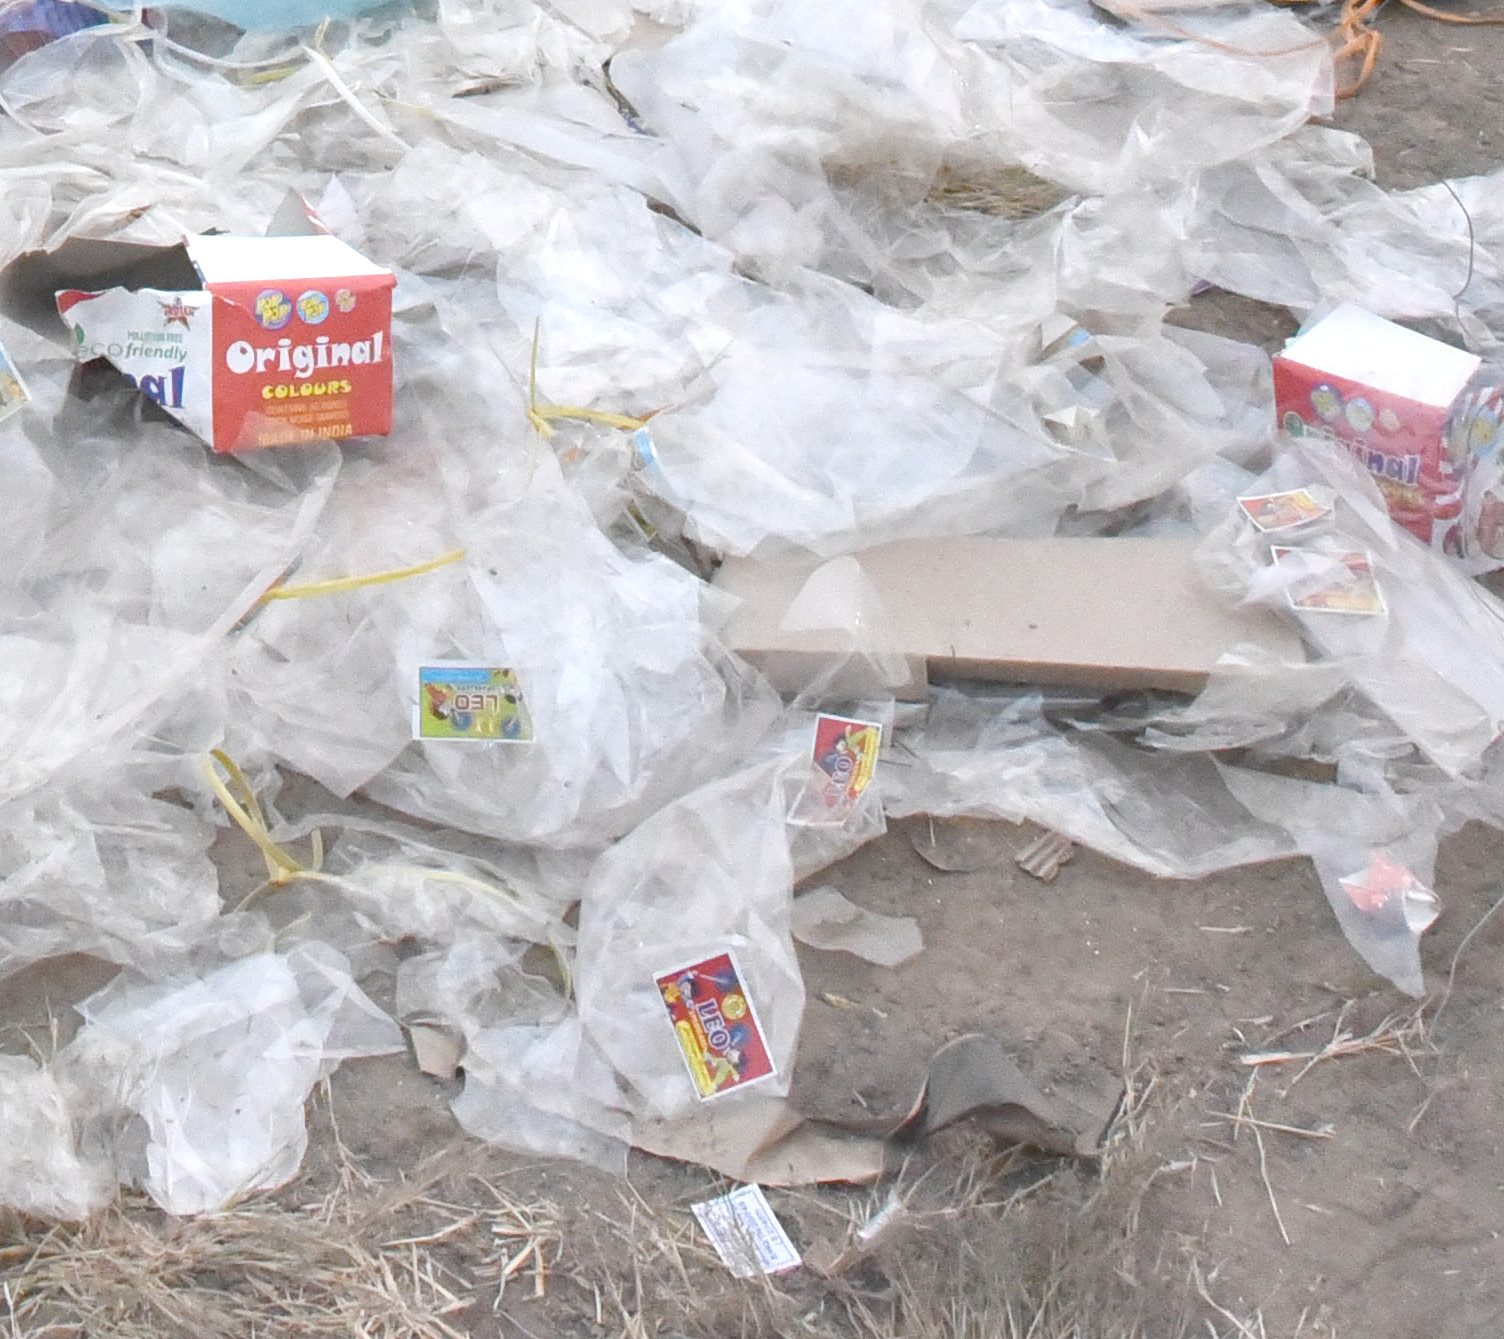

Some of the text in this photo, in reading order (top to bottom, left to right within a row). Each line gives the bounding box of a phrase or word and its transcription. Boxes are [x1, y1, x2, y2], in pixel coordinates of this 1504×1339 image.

[124, 341, 187, 361] friendly
[226, 331, 384, 379] Original
[262, 379, 352, 399] COLOURS
[319, 423, 353, 439] INDIA
[453, 692, 500, 715] LEO
[696, 997, 731, 1051] LEO
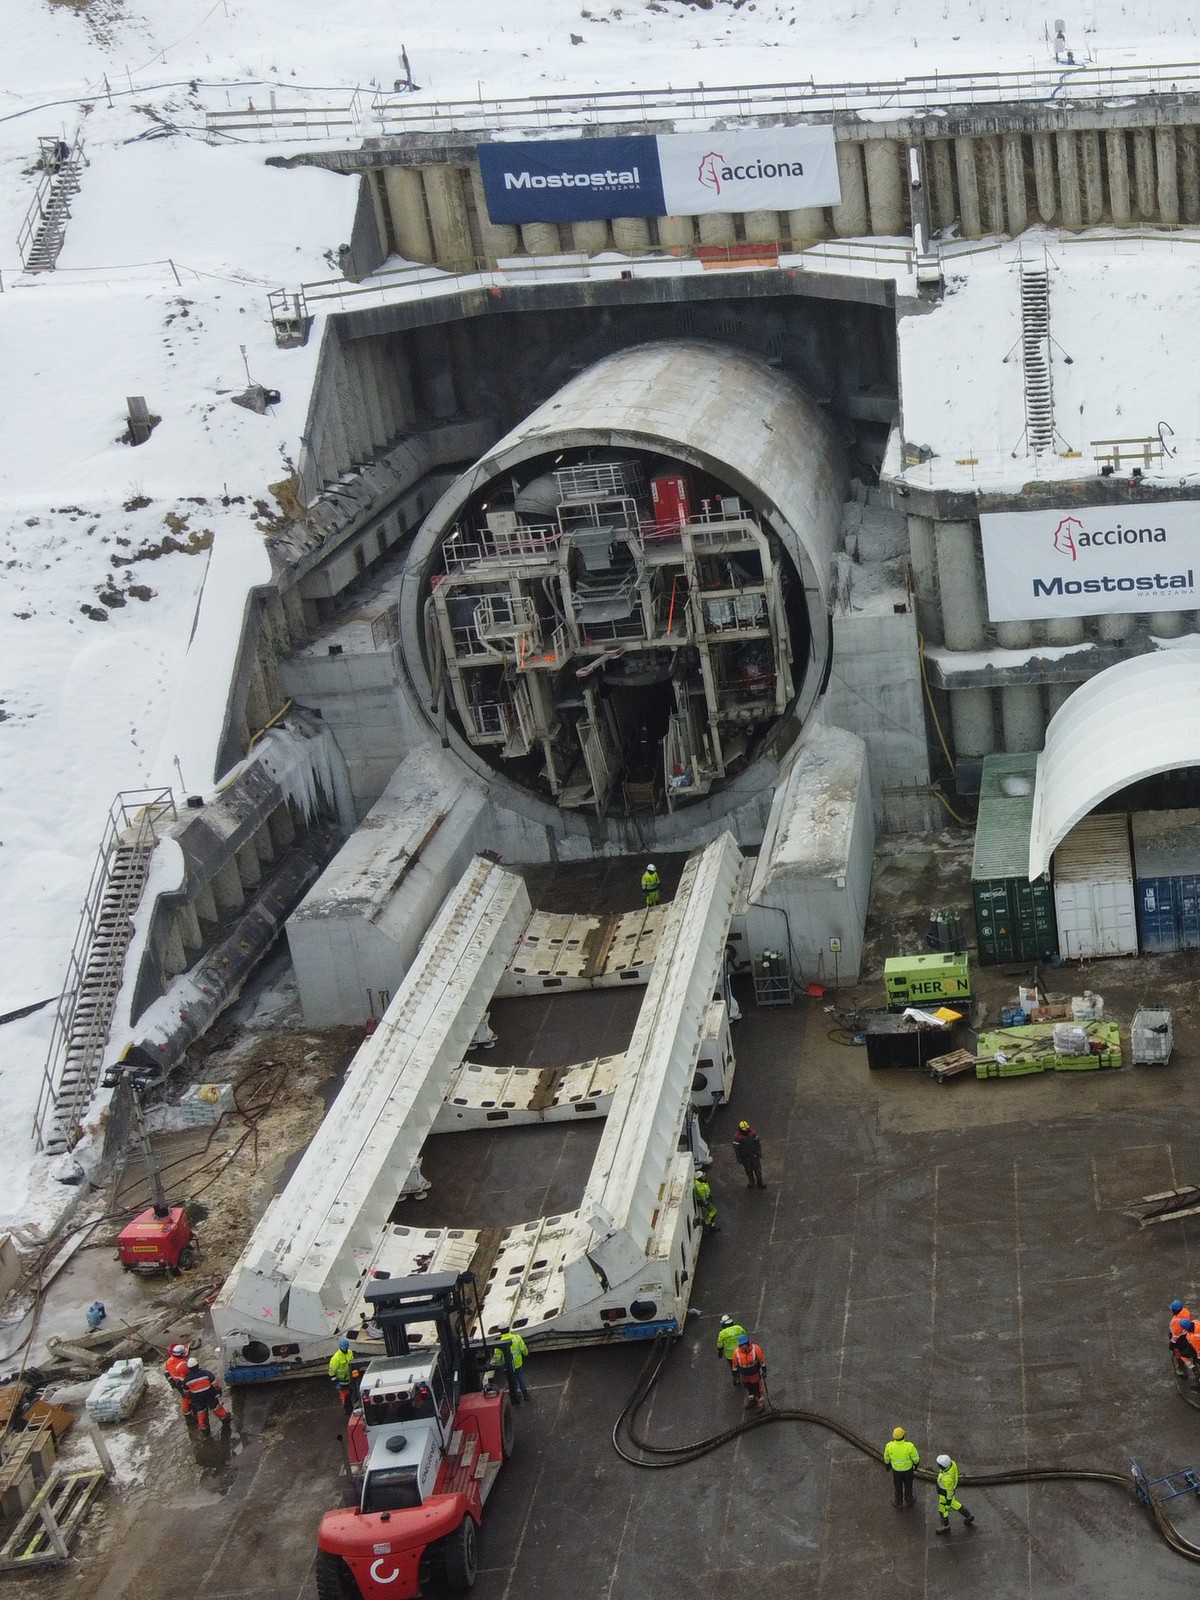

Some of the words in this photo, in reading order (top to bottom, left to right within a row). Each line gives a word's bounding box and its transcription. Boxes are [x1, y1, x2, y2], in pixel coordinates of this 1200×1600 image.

[504, 167, 640, 190] Mostostal
[721, 159, 804, 181] acciona
[592, 184, 641, 192] WARSZAWA
[1078, 524, 1167, 547] acciona
[1033, 569, 1194, 597] Mostostal
[1137, 589, 1195, 597] WARSZAWA

■ **YOUR GOAL**
Type the listing above out again exactly, and omit all pictures.

■ **RESULT**
Some of the text in this photo, in reading order (top to bottom, left to right within a row). Each line gives the bounding box of a phrase or word and its transcription. Boxes are [x1, y1, x2, y2], in pixel coordinates of this 1504×1339 image.

[124, 341, 187, 361] friendly
[226, 331, 384, 379] Original
[262, 379, 352, 399] COLOURS
[319, 423, 353, 439] INDIA
[453, 692, 500, 715] LEO
[696, 997, 731, 1051] LEO

Some of the words in this photo, in reading order (top to bottom, left to right within a row). Each line gives a word's bounding box and its transcription. Boxes are [x1, y1, x2, y2], in pixel coordinates of this 1200×1600 image.

[504, 167, 640, 190] Mostostal
[721, 159, 804, 181] acciona
[592, 184, 641, 192] WARSZAWA
[1078, 524, 1167, 547] acciona
[1033, 569, 1194, 597] Mostostal
[1137, 589, 1195, 597] WARSZAWA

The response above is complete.